Here's the radio all bolted in place.








Just getting an idea of where I need to cut.








After all the cutting and grinding. I chose to leave the top part on so that it could still clip into the factory panel like normal. I tried to leave the bottom on, but due to the angle of the deck, the bottom part made the sides bow out a bit.








A close-up of how I chose to fill in the little circles. After grinding the surface flat, the factory plastic was a little thin for me to trust a plastic adhesive. So, I made a piece of ABS to go a little bit further behind, secured that with CA glue, put some nice deep gouges all around and then packed the hole with UPOL filler. Sorry, I didn't take any pictures of this part, but I'm sure you get the idea.








I also had to modify these little silver pieces on the sides of the dash so that the new radio did not push them to the side, causing gaps.








I mounted the a/c box to the radios mounting brackets. It fit perfectly.








The harnesses came up over the top and plugged in.


----------



## handcrafted (Sep 22, 2009)

Here is the piece all painted and installed.
















Factory change drawer opens and closes no problem and the screen opens easily.
















And a couple of shots of the car just because I think it is particularly bad ass.


----------



## Jumbo Jet (May 31, 2008)

Nice! Looks great


----------



## BlueAc (May 19, 2007)

Nice!!!


----------



## simplicityinsound (Feb 2, 2007)

good lord Jon hahaha...I would have chickened out and went with the beat sonic kit and single din and lost the vents if an IS owner wanted an aftermarket headunit that badly 

awesome!


----------



## handcrafted (Sep 22, 2009)

What is beat sonic? It really isn't that bad too be honest man. Do it... come on... do it!


----------



## BlueAc (May 19, 2007)

Beat-Sonic AOK-15

Looks like crap... I couldn't see u using that Bing!


----------



## ISTundra (Jan 3, 2009)

Nice work, as usual.

I've seen this car around. Did this guy have an MS-8 in the trunk?

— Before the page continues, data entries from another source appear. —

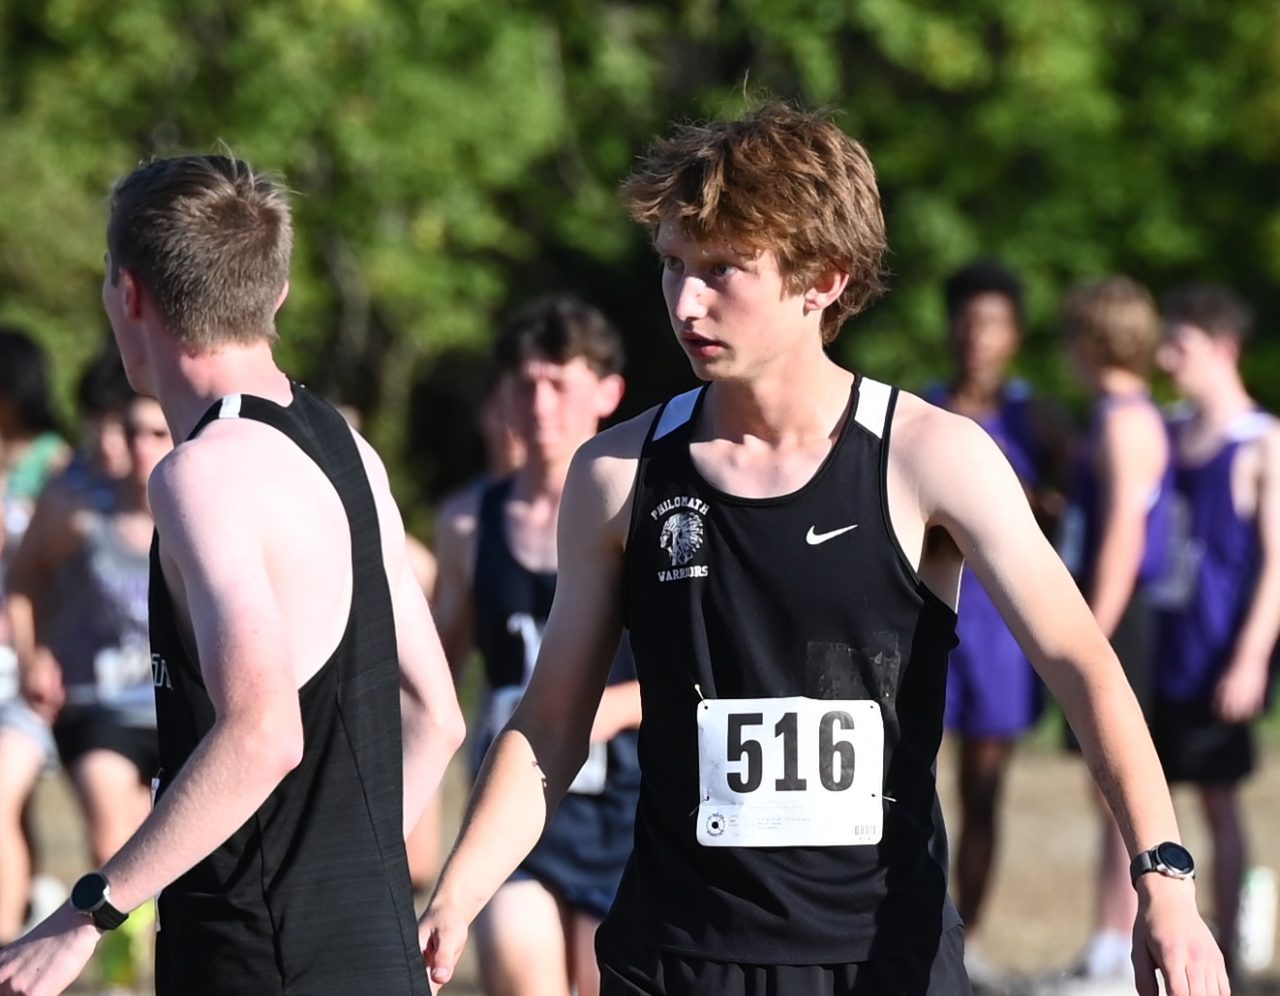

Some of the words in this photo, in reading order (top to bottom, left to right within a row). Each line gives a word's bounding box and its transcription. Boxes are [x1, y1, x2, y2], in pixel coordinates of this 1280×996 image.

[650, 496, 711, 520] PHILOMATH
[657, 565, 709, 582] WARRIORS
[726, 710, 856, 794] 516
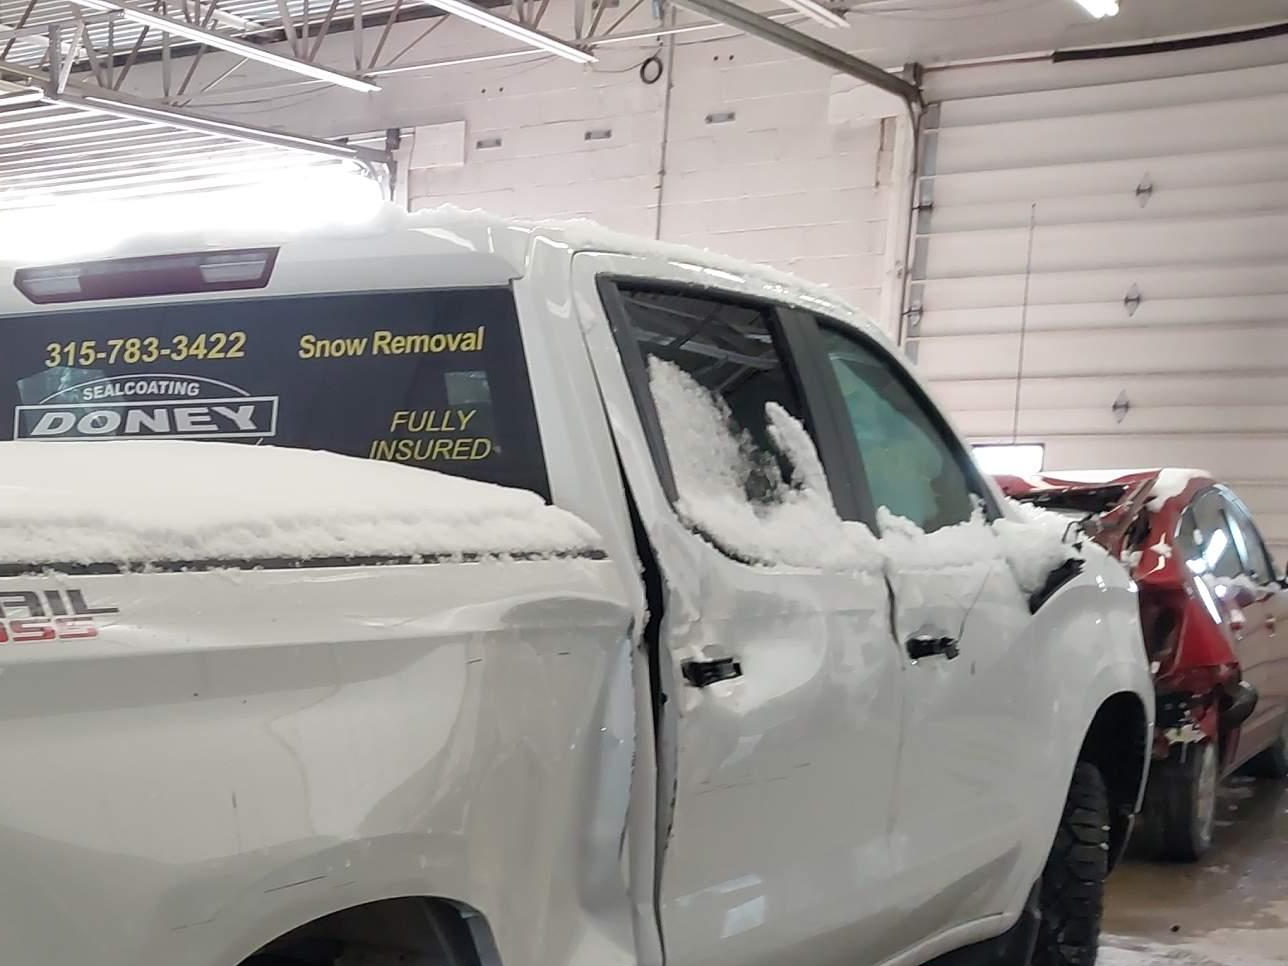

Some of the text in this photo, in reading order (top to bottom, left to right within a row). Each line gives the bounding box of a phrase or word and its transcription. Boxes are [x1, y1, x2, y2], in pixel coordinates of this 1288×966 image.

[44, 331, 247, 368] 315-783-3422
[298, 326, 486, 359] Snow Removal
[82, 380, 201, 402] SEALCOATING
[30, 405, 258, 436] DONEY
[390, 409, 477, 433] FULLY
[368, 437, 492, 461] INSURED
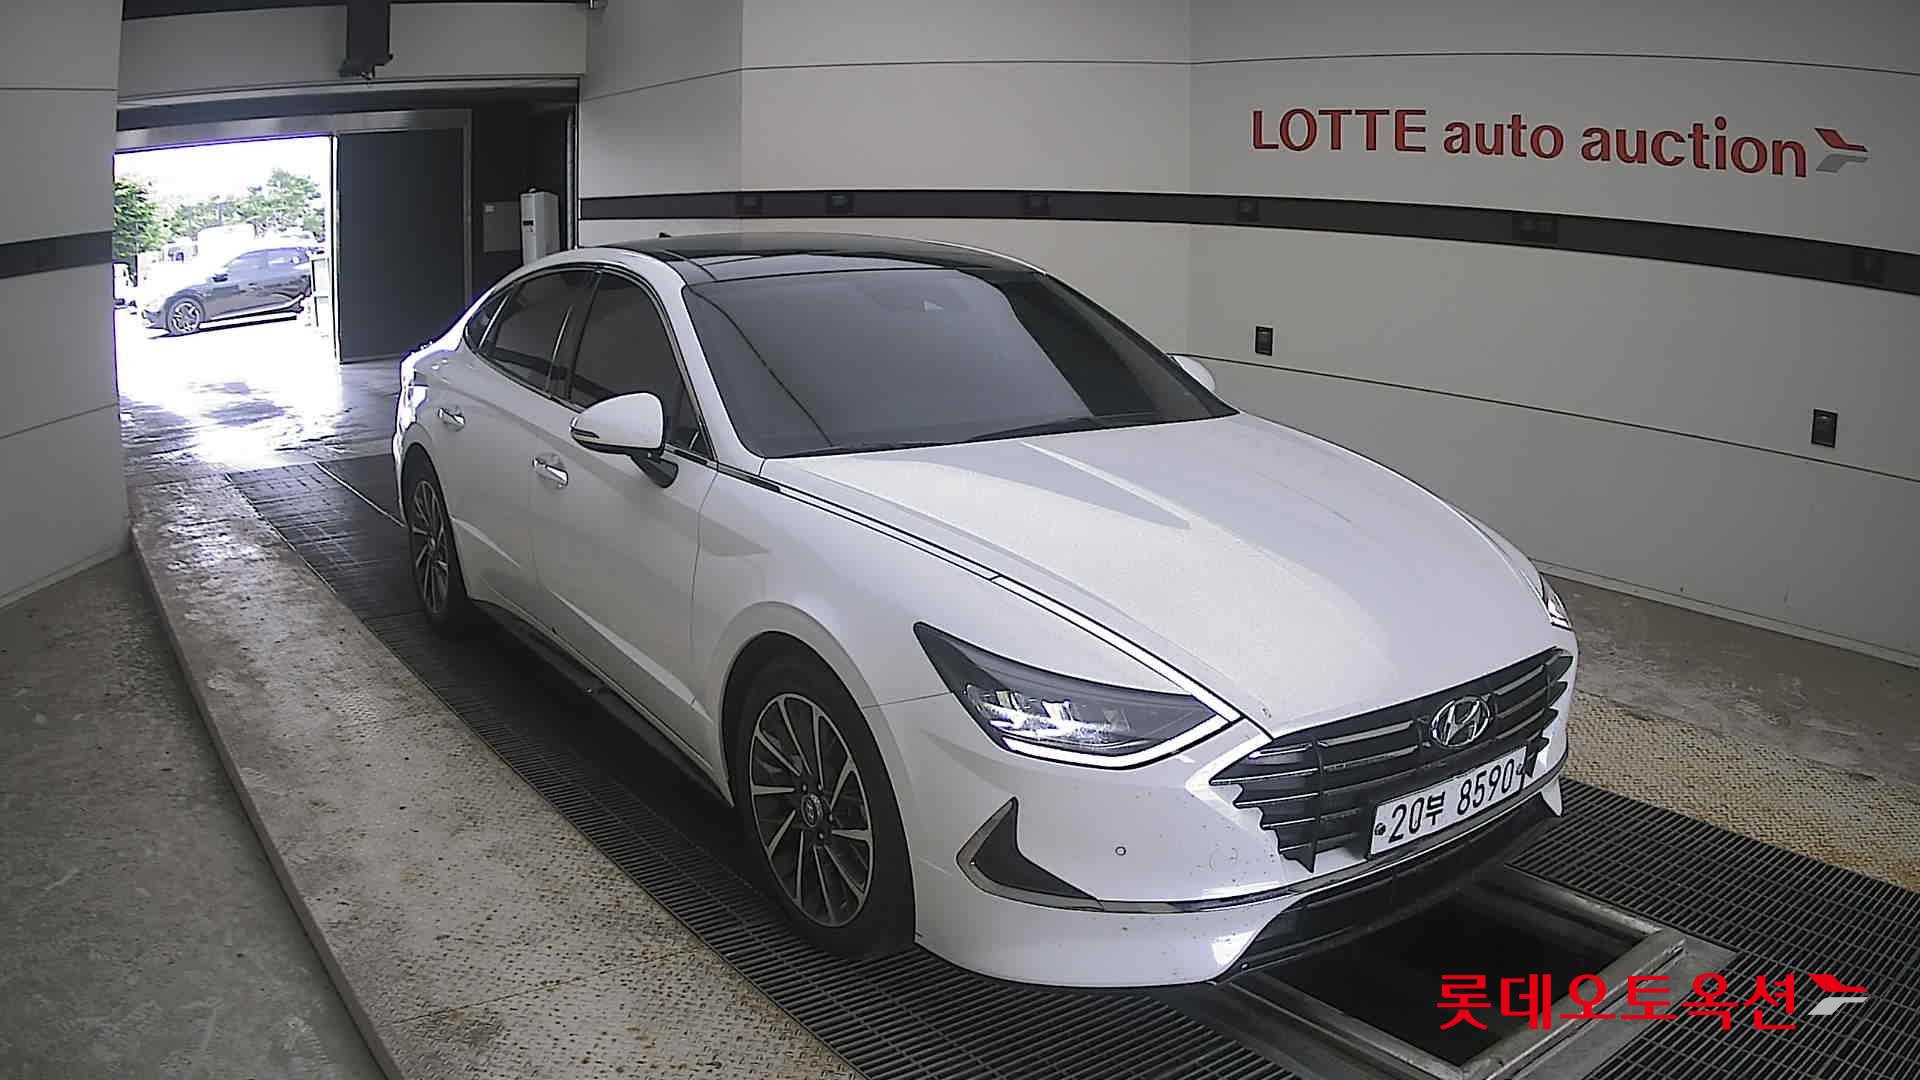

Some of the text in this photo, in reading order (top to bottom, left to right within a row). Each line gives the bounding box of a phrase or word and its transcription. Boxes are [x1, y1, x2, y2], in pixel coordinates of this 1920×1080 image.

[1252, 108, 1808, 178] LOTTE auto auction
[1388, 759, 1514, 843] 20부 8590

And I agree -that beat sonic kit looks like ass


----------



## jtaudioacc (Apr 6, 2010)

great work! that beat sonic kit doesn't look too good for that car. but, most of them do look really great. many of them are factory toyota parts, too. just differs from car to car.


----------



## handcrafted (Sep 22, 2009)

Oh wow, yeah I would never use that thing.

ISTundra, yes he does have an MS-8 in the trunk. I am redoing his amp rack next.


----------



## Salad Fingers (Jun 14, 2009)

Yea, we did a 350 about a year ago and put a P99RS down in that same spot. It had factory nav and the climate control worked fine. Then a couple of months ago I sold a guy in a 250 a Kenwood KIV-700 and some Boston amps and subs. He didn't have factory nav or the Levinson system, and we had to keep the board from the factory HU in there like you did. We also couldn't get the factory amp to turn on, so a 2XS and Boston GT-4100 were added to the work order. We also added a battery in the factory amp location. He had just bought the car a couple of days before, was planning on keeping for a long time, and since we had already taken the board out of the radio we just used the front plastic from the factory radio and molded it (like it looks like you did). Where did you get the paint you used? We had a local paint shop mix ours up, and while it came out pretty good it wasn't perfect. It actually looks better in person, but here is a link to how it turned out...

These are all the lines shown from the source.